%%

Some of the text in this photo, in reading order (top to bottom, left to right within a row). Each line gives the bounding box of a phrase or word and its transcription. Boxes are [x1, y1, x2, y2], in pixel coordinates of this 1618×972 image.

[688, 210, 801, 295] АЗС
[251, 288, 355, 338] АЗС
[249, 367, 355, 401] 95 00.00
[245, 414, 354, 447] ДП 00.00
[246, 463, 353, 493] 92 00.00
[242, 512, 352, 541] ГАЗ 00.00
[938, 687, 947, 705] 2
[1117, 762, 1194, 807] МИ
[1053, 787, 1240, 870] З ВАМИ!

%%

▶ EXERCISE DIRECTIONS: Set the records above down again, exactly as they read.

▶ EXERCISE ANSWER:
Some of the text in this photo, in reading order (top to bottom, left to right within a row). Each line gives the bounding box of a phrase or word and its transcription. Boxes are [x1, y1, x2, y2], in pixel coordinates of this 1618×972 image.

[688, 210, 801, 295] АЗС
[251, 288, 355, 338] АЗС
[249, 367, 355, 401] 95 00.00
[245, 414, 354, 447] ДП 00.00
[246, 463, 353, 493] 92 00.00
[242, 512, 352, 541] ГАЗ 00.00
[938, 687, 947, 705] 2
[1117, 762, 1194, 807] МИ
[1053, 787, 1240, 870] З ВАМИ!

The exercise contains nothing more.